Input data
= = = = = = =

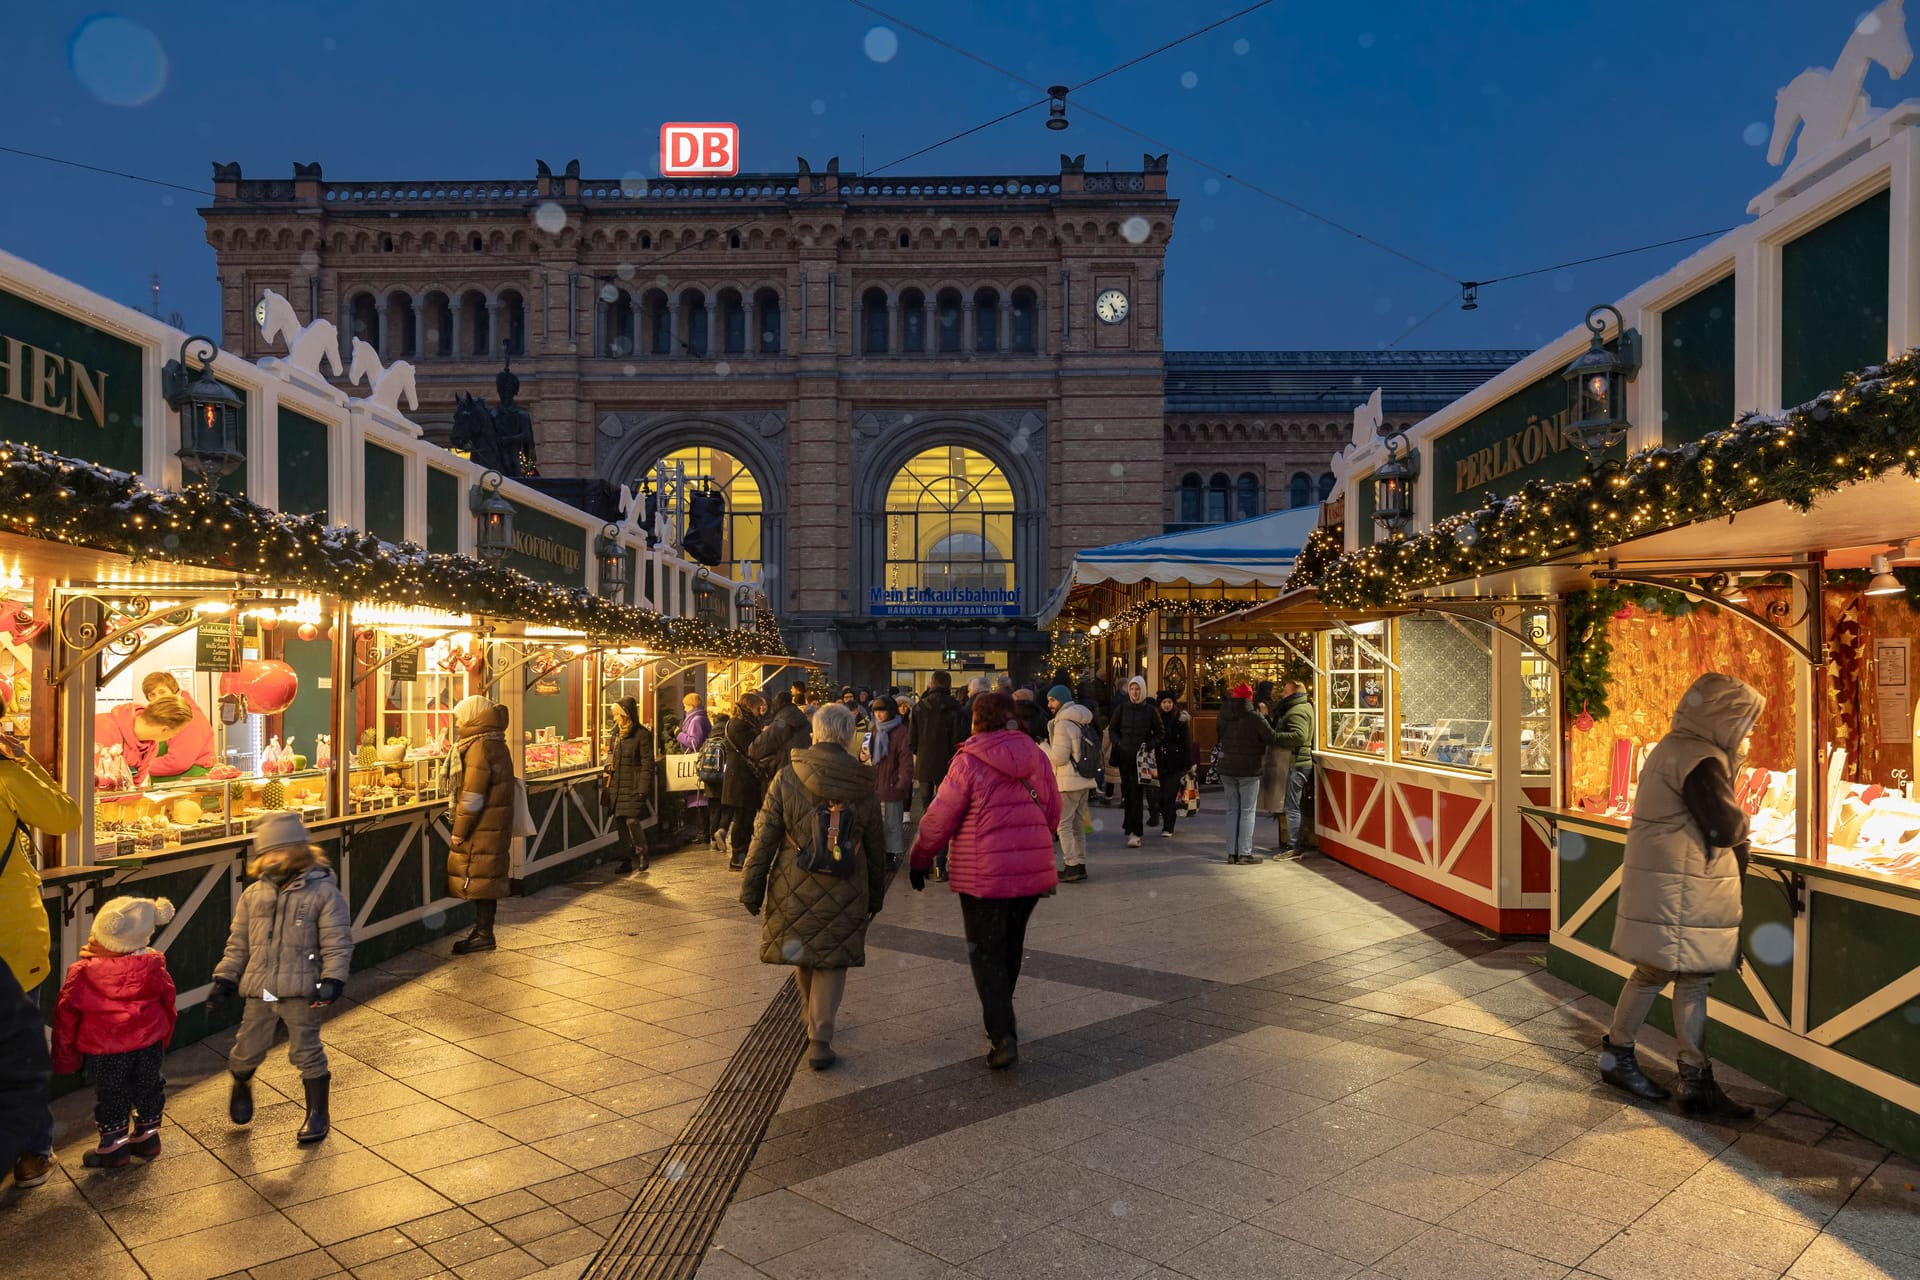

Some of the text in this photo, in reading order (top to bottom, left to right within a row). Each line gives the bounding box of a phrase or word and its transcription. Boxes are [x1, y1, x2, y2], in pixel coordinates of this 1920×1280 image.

[672, 132, 729, 168] DB
[1456, 409, 1572, 494] PERLKÖNI
[512, 529, 580, 570] KOFRÜCHTE
[870, 586, 1022, 602] Mein Einkaufsbahnhof
[887, 606, 1004, 615] HANNOVER HAUPTBAHNHOF

= = = = = = =

Write out the records above exactly as they stand, leaving out every picture.

The answer
Some of the text in this photo, in reading order (top to bottom, left to right within a row). Each line gives the bounding box of a phrase or word and its transcription. Boxes are [x1, y1, x2, y2], in pixel coordinates of this 1920×1280 image.

[672, 132, 729, 168] DB
[1456, 409, 1572, 494] PERLKÖNI
[512, 529, 580, 570] KOFRÜCHTE
[870, 586, 1022, 602] Mein Einkaufsbahnhof
[887, 606, 1004, 615] HANNOVER HAUPTBAHNHOF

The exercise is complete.